La semana pasada se presentó el reporte The New Climate Economics, el cual analiza los retos financieros y las perspectivas de desarrollo sustentable que involucra el diseño de políticas nacionales ante el cambio climático y el cumplimiento de los compromisos del Acuerdo de París. El reporte define algunas prioridades de política pública para impulsar la descarbonización de la economía, establece una hoja de ruta para las decisiones que impactan en el crecimiento económico y proyecta modelos económicos más amigables con el medio ambiente.

El mensaje central es que la humanidad cuenta con una pequeña ventana de oportunidad para actuar y evitar las consecuencias de un aumento en la temperatura global del planeta por encima de los 2ºC. Oportunidad cada vez más reducida, pues no queda mucho tiempo antes de que sea demasiado tarde para evitar alteraciones irreversibles en el sistema climático. 

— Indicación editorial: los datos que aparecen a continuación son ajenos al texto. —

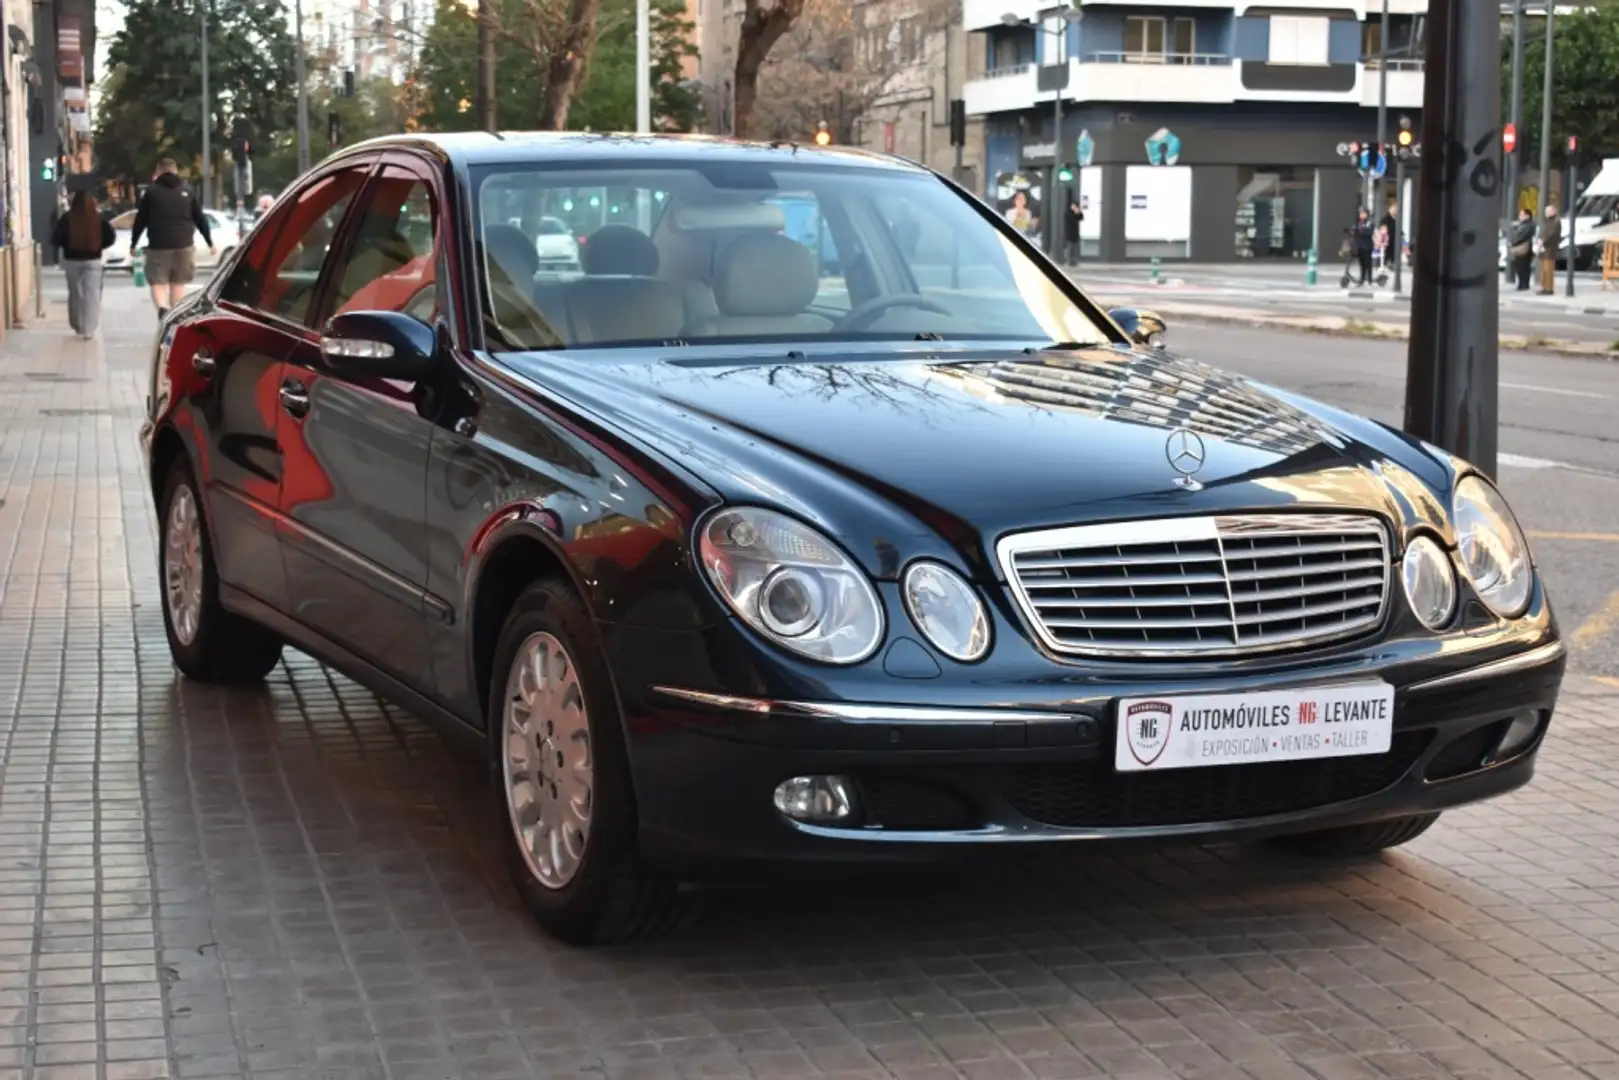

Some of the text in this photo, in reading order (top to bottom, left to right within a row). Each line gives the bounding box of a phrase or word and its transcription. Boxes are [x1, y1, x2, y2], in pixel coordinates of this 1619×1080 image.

[1180, 699, 1387, 731] AUTOMÓVILES NG LEVANTE
[1140, 718, 1158, 739] NG
[1202, 731, 1368, 757] EXPOSICIÓN VENTAS TALLER

De acuerdo con los investigadores que realizaron el estudio, si bien actuar decididamente ante el cambio climático implica necesariamente costos, lo cierto es que puede generar beneficios económicos equivalentes a 26 trillones de dólares hacia 2030 en comparación con los rendimientos de la economía bajo los patrones de crecimiento actuales. A lo que cabe añadir una reducción en los costos y pérdidas económicas derivados de desastres naturales relacionados con factores climáticos, los cuales se calculan en 320 billones de dólares solo en 2017.

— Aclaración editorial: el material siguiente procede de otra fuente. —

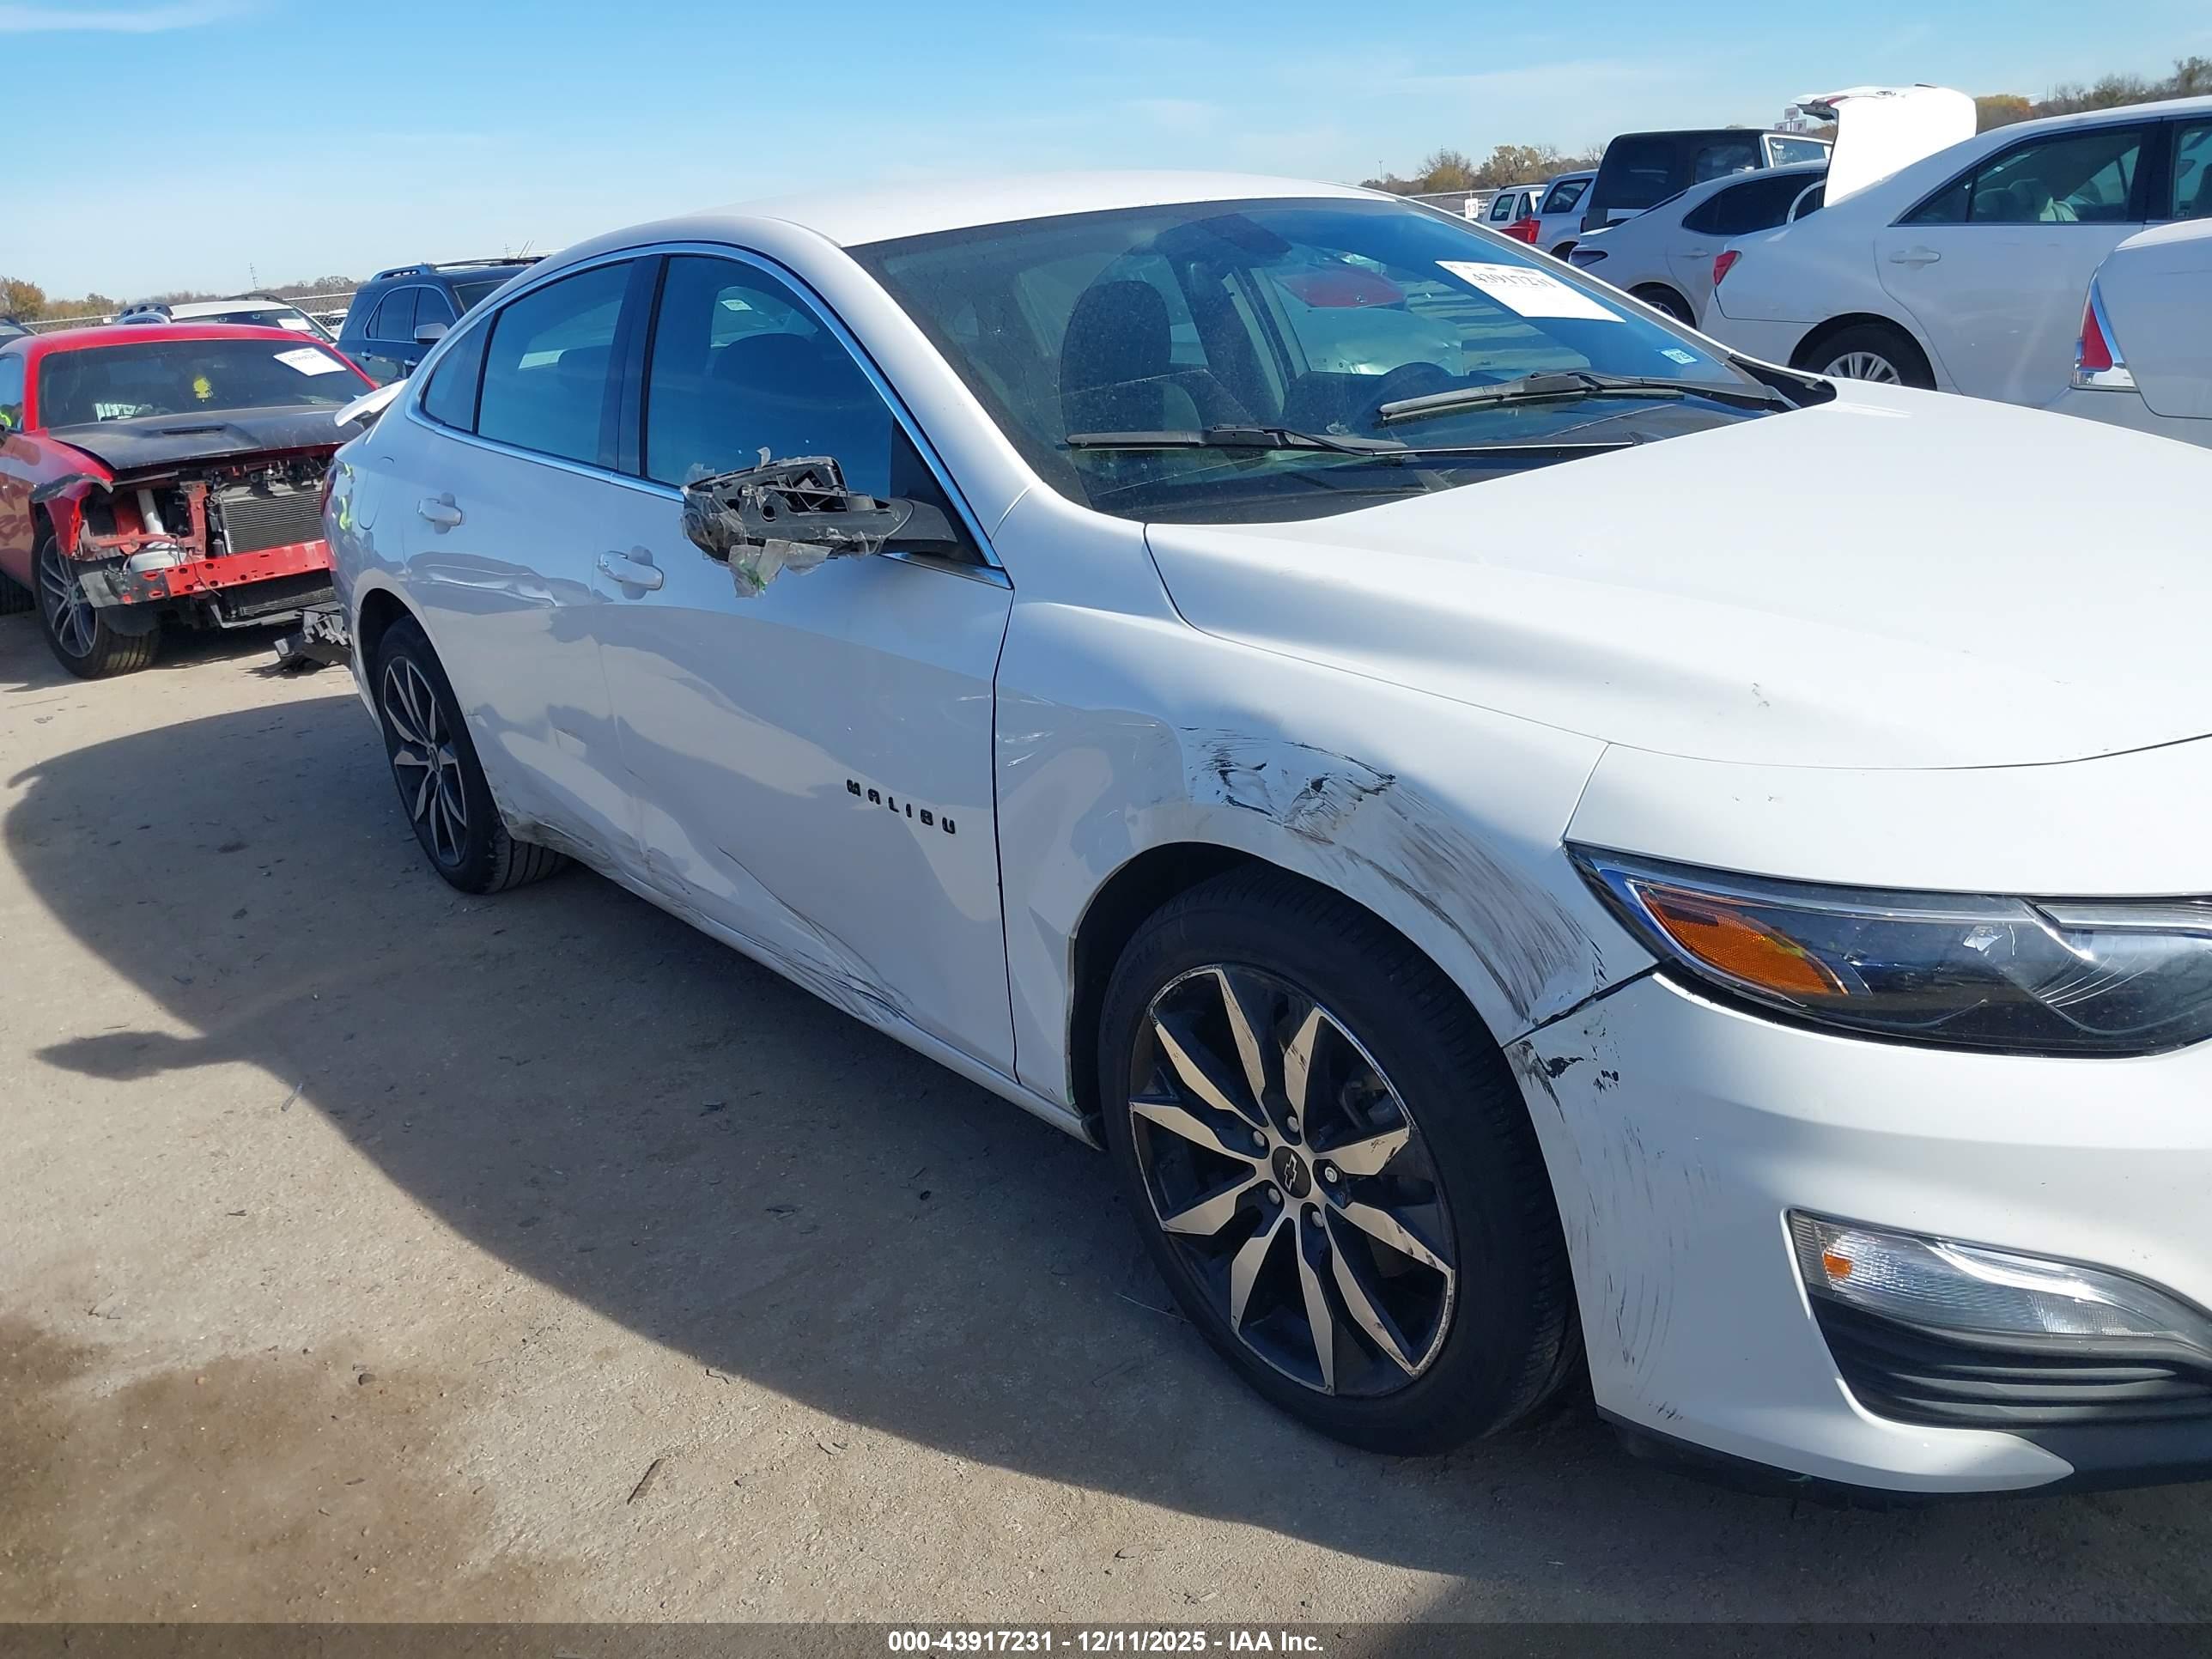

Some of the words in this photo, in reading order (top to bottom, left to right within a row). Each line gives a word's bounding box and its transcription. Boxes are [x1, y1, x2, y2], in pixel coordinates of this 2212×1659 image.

[1467, 204, 1477, 214] 13
[1472, 273, 1557, 289] 43917231
[846, 779, 956, 835] MALIBU

La clave de una economía más eficiente y con enfoque climático, está en establecer las bases para una transición sustentable en los sistemas de energía, el crecimiento inteligente de las ciudades, la producción y distribución de alimentos, el uso sustentable de la tierra, la gobernanza más efectiva del agua y la transformación de procesos productivos en la industria. Todo lo cual requiere nuevos patrones para la inversión, el desarrollo de infraestructura y la generación y consumo de energía. Generar nuevos modelos de crecimiento económicos más equilibrados e inclusivos pasa por una transición sustentable a nivel global.

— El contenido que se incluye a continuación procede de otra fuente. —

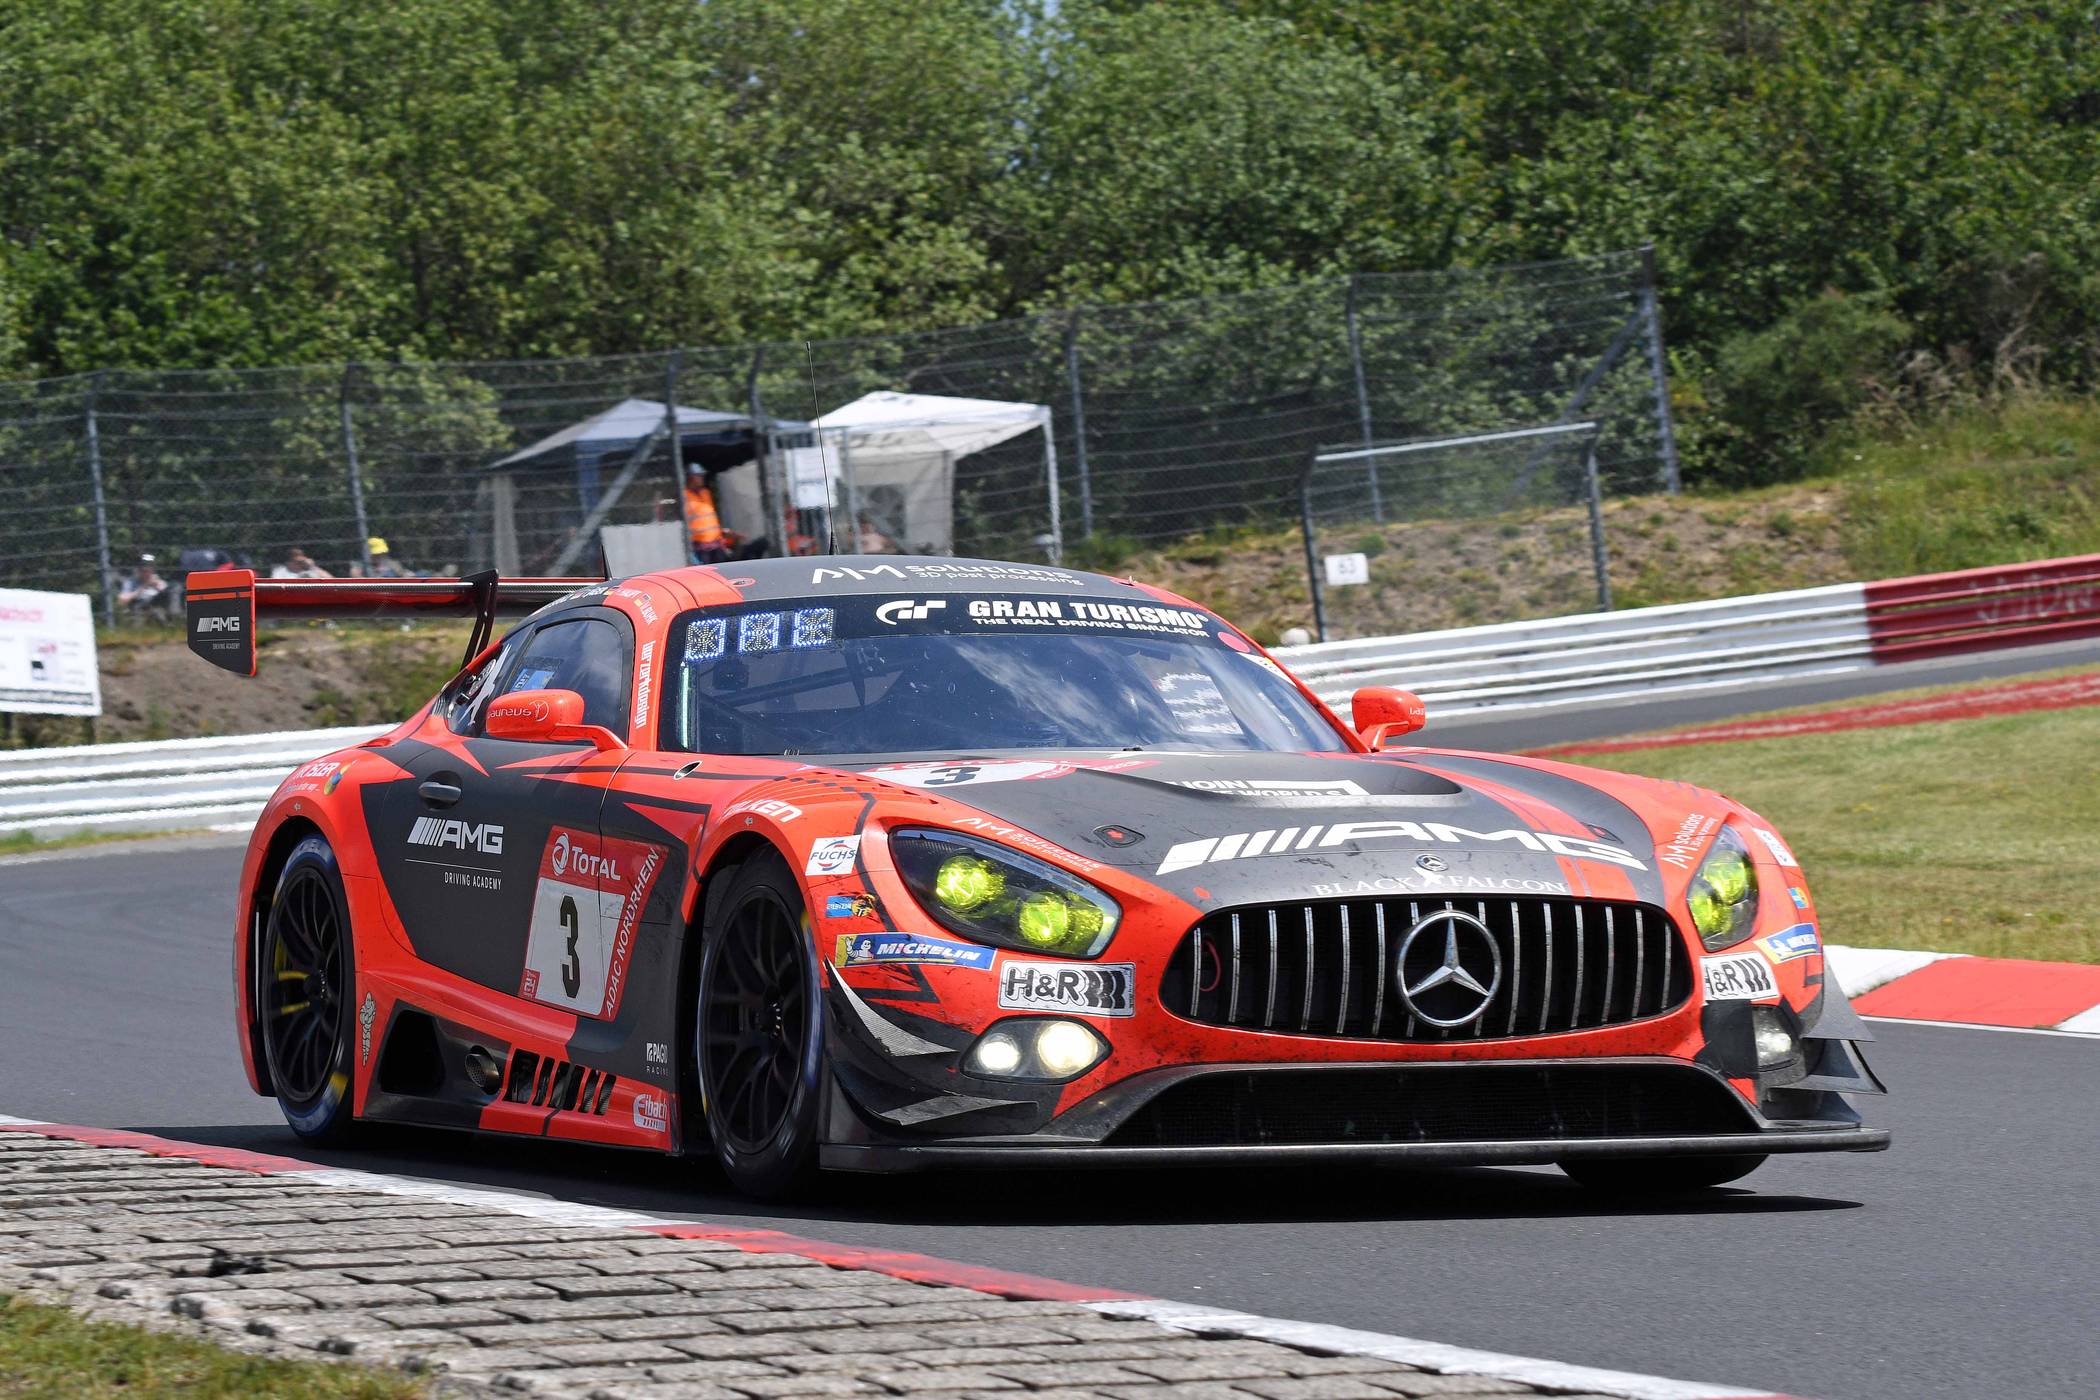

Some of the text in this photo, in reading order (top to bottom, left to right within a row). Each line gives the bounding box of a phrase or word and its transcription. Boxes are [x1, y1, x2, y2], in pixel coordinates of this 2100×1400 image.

[969, 600, 1062, 618] GRAN
[210, 616, 240, 631] AMG
[1011, 618, 1052, 626] REAL
[1056, 619, 1124, 630] DRIVING
[1126, 623, 1210, 637] SIMULATOR
[924, 767, 981, 784] 3
[437, 819, 504, 854] AMG
[1319, 821, 1648, 870] AMG
[571, 846, 621, 881] TOTAL
[811, 849, 856, 860] FUCHS
[444, 871, 501, 890] DRIVING ACADEMY
[1313, 875, 1568, 896] BLACK FALCON
[606, 847, 660, 1017] ADAC NORDRHEIN
[560, 893, 581, 999] 3
[877, 942, 981, 961] MICHELIN
[1005, 967, 1085, 1005] H&R
[633, 1093, 668, 1121] Eibach

El reporte identifica las oportunidades de una revolución verde, pero también advierte de las consecuencias negativas para la calidad de vida de millones de personas, el que no se tomen las decisiones adecuadas en los próximos años, las cuales tendrían además un impacto visible hasta las siguientes dos décadas. ¿Cuáles deben ser las prioridades para la comunidad internacional? Primero, establecer un precio internacional a las emisiones de carbón y aumentar la transparencia sobre aquellas decisiones e inversiones públicas y privadas que aumentan los riesgos del cambio climático. Segundo, incrementar la inversión en infraestructura sustentable a  nivel nacional y subnacional. Tercero,  impulsar la capacidad de innovación y transformación del sector privado. Finalmente, garantizar un enfoque centrado en las necesidades sociales y en la distribución justa de los beneficios de la sustentabilidad, especialmente en países pobres y en desarrollo.

Después de leer el reporte me quedan dos preguntas: ¿está realmente dispuesta la comunidad internacional a avanzar seriamente en el sentido de una transición sustentable?, ¿qué debemos hacer en México para impulsar una transición sustentable cuando la protección del medio ambiente está lejos de ser una prioridad en la agenda pública, tenemos instituciones políticas débiles, enfrentamos profundas desigualdades y la corrupción lastra la efectividad de la inversión y la dotación de bienes públicos?